_Task requirements:_
Output only the lines from the one holding "this 1920×1281 image." to the end of the data below, please, copied exactly.

_Records contained in a dataset:_
=== Section Start ===

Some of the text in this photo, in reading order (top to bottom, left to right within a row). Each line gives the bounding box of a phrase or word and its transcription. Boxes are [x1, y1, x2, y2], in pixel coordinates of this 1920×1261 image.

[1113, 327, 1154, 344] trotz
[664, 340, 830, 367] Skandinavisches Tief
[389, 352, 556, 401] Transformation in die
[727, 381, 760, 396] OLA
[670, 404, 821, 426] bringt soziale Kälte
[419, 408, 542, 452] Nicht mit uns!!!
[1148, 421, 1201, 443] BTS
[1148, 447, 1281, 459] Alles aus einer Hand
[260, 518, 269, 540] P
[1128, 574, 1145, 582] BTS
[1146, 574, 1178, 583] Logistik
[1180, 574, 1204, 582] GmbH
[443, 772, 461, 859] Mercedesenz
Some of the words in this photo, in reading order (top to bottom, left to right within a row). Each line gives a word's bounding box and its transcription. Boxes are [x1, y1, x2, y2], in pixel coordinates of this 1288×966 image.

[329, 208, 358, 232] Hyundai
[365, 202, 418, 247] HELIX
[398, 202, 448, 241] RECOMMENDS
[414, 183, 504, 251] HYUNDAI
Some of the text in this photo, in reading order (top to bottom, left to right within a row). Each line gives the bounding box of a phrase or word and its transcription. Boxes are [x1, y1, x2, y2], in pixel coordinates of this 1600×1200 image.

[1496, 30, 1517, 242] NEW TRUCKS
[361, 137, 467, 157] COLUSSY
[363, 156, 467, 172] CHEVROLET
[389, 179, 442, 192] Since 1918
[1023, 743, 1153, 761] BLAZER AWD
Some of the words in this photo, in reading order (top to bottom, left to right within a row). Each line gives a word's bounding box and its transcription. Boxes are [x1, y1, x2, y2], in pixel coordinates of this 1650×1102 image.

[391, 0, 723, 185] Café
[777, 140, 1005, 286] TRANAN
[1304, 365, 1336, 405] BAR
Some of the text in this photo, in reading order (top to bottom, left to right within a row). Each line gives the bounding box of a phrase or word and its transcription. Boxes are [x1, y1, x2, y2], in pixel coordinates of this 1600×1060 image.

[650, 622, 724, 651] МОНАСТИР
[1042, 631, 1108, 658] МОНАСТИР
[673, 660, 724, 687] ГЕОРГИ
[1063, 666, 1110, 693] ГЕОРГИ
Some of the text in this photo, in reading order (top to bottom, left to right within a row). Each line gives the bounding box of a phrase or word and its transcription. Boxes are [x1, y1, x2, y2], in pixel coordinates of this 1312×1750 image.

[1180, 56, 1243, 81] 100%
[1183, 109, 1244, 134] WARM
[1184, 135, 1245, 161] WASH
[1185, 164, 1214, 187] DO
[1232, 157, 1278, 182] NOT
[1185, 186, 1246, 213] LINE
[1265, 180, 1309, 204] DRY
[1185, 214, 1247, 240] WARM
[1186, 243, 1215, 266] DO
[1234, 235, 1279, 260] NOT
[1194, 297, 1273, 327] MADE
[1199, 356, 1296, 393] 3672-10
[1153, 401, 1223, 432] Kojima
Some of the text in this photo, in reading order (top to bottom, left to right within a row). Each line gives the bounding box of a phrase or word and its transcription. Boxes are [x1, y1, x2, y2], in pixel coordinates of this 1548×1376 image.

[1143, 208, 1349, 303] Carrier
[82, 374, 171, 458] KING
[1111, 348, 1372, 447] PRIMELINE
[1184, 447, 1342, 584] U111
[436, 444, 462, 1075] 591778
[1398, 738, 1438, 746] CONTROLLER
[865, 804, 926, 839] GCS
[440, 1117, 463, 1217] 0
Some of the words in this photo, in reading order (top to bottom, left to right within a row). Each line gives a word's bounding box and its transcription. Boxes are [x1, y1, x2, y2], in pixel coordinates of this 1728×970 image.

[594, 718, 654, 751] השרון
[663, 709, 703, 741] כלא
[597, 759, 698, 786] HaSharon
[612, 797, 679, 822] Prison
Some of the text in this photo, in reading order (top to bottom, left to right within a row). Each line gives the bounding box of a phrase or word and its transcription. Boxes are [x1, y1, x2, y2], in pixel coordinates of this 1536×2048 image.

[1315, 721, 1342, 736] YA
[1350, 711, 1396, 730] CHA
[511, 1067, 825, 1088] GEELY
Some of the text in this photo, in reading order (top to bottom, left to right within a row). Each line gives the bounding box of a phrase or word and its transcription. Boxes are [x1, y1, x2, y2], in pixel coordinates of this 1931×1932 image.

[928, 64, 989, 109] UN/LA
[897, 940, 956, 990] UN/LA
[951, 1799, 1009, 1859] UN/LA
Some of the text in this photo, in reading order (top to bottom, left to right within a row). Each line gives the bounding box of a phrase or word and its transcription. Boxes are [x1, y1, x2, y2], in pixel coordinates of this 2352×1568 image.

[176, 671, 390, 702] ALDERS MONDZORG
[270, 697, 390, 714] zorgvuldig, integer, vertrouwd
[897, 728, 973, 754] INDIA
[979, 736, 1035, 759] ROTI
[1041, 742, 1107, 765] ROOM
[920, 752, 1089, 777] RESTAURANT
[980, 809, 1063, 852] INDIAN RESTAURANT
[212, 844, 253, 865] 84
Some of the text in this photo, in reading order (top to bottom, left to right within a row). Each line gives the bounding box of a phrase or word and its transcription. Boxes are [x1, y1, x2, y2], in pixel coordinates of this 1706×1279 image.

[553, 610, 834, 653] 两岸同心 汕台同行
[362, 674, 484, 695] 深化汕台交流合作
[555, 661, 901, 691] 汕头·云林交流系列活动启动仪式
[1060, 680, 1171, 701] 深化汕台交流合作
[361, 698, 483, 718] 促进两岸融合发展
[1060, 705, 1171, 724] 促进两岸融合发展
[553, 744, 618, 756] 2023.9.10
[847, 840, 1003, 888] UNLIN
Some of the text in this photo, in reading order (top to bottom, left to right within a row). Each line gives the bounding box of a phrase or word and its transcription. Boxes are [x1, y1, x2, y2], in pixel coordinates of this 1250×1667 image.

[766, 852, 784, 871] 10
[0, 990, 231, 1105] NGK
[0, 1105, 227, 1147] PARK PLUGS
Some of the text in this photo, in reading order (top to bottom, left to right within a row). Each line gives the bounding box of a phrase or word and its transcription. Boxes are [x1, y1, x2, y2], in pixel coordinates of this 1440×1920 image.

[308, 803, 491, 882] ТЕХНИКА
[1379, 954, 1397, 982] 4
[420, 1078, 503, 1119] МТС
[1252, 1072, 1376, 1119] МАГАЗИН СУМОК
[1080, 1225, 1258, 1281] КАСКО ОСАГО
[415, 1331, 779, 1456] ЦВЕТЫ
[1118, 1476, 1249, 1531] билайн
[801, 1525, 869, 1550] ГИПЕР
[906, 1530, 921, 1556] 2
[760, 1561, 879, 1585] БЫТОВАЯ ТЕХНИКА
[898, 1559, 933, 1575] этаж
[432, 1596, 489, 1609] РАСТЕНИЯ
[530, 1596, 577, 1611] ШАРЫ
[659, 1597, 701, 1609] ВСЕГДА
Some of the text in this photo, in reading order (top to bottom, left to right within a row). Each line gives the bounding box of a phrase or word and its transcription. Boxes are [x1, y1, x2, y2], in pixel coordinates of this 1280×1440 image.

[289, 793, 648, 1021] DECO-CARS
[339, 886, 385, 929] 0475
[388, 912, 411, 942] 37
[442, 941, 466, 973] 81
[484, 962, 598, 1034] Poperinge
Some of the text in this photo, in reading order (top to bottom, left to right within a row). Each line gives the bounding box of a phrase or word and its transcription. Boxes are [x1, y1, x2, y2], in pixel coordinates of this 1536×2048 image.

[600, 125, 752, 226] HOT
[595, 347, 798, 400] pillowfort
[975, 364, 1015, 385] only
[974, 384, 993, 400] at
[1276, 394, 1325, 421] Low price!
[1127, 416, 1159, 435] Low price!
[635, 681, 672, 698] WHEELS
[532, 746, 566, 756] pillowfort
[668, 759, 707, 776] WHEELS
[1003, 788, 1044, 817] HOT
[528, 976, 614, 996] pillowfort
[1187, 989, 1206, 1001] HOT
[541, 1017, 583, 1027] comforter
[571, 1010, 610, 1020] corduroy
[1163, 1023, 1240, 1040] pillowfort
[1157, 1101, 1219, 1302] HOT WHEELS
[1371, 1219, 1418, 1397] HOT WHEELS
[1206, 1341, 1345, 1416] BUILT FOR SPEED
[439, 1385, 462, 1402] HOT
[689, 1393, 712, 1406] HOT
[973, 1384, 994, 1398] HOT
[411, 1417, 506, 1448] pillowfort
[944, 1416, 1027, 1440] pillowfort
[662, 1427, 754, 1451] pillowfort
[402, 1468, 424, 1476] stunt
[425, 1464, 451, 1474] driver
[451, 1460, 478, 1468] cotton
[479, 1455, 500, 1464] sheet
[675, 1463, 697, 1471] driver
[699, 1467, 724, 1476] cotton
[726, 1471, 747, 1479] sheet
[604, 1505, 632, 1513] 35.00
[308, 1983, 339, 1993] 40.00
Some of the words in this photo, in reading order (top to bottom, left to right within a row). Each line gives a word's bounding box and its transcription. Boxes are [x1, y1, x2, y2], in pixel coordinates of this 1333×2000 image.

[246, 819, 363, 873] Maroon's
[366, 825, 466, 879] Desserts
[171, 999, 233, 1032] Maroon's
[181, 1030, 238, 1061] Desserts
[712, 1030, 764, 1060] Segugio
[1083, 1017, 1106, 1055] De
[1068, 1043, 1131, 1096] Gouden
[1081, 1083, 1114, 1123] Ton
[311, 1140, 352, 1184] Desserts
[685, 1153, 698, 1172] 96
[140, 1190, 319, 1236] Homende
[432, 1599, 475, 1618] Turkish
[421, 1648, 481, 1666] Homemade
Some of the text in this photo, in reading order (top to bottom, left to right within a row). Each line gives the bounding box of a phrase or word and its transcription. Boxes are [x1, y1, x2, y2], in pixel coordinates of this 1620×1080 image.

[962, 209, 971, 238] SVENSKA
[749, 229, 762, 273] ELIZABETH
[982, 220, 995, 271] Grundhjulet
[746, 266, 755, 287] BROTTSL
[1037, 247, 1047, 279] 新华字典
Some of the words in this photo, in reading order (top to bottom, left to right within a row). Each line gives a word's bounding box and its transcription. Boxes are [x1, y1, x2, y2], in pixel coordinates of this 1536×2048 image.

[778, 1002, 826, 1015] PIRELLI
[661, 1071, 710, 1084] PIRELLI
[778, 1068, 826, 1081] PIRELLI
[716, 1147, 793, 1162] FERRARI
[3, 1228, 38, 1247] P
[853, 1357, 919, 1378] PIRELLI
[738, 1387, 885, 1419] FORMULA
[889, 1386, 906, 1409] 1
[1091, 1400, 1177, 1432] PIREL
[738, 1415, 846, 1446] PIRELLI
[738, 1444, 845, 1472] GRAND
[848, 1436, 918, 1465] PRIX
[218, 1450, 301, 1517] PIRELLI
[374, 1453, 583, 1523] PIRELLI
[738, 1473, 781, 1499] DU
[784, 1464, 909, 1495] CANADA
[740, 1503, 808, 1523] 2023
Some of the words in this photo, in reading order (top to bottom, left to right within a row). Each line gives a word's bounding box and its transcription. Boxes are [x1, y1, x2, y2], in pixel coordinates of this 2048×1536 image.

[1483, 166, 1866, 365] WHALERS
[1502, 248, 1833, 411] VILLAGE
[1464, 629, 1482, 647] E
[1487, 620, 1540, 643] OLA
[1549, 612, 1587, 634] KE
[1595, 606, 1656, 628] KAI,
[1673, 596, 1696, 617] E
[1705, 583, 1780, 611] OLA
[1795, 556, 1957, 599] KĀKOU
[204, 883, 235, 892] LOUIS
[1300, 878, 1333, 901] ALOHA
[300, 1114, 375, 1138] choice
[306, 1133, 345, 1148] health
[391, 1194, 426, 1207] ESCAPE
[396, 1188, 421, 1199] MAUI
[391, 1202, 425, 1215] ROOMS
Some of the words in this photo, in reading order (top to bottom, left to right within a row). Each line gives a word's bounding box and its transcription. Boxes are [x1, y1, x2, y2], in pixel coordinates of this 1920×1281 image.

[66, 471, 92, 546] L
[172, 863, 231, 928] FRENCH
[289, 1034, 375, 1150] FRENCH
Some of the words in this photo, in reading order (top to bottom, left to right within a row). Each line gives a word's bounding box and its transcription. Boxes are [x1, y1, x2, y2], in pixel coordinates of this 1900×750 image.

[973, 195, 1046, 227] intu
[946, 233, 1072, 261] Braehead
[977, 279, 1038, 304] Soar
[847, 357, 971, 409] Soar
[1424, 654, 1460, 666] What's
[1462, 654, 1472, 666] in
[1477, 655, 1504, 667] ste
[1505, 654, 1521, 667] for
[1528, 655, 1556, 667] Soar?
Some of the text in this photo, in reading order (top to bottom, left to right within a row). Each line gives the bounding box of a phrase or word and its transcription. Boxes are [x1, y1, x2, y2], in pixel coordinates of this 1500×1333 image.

=== Section End ===

_Finished task:_
Some of the words in this photo, in reading order (top to bottom, left to right within a row). Each line gives a word's bounding box and its transcription. Boxes are [x1, y1, x2, y2], in pixel coordinates of this 1920×1281 image.

[66, 471, 92, 546] L
[172, 863, 231, 928] FRENCH
[289, 1034, 375, 1150] FRENCH
Some of the words in this photo, in reading order (top to bottom, left to right within a row). Each line gives a word's bounding box and its transcription. Boxes are [x1, y1, x2, y2], in pixel coordinates of this 1900×750 image.

[973, 195, 1046, 227] intu
[946, 233, 1072, 261] Braehead
[977, 279, 1038, 304] Soar
[847, 357, 971, 409] Soar
[1424, 654, 1460, 666] What's
[1462, 654, 1472, 666] in
[1477, 655, 1504, 667] ste
[1505, 654, 1521, 667] for
[1528, 655, 1556, 667] Soar?
Some of the text in this photo, in reading order (top to bottom, left to right within a row). Each line gives the bounding box of a phrase or word and its transcription. Boxes are [x1, y1, x2, y2], in pixel coordinates of this 1500×1333 image.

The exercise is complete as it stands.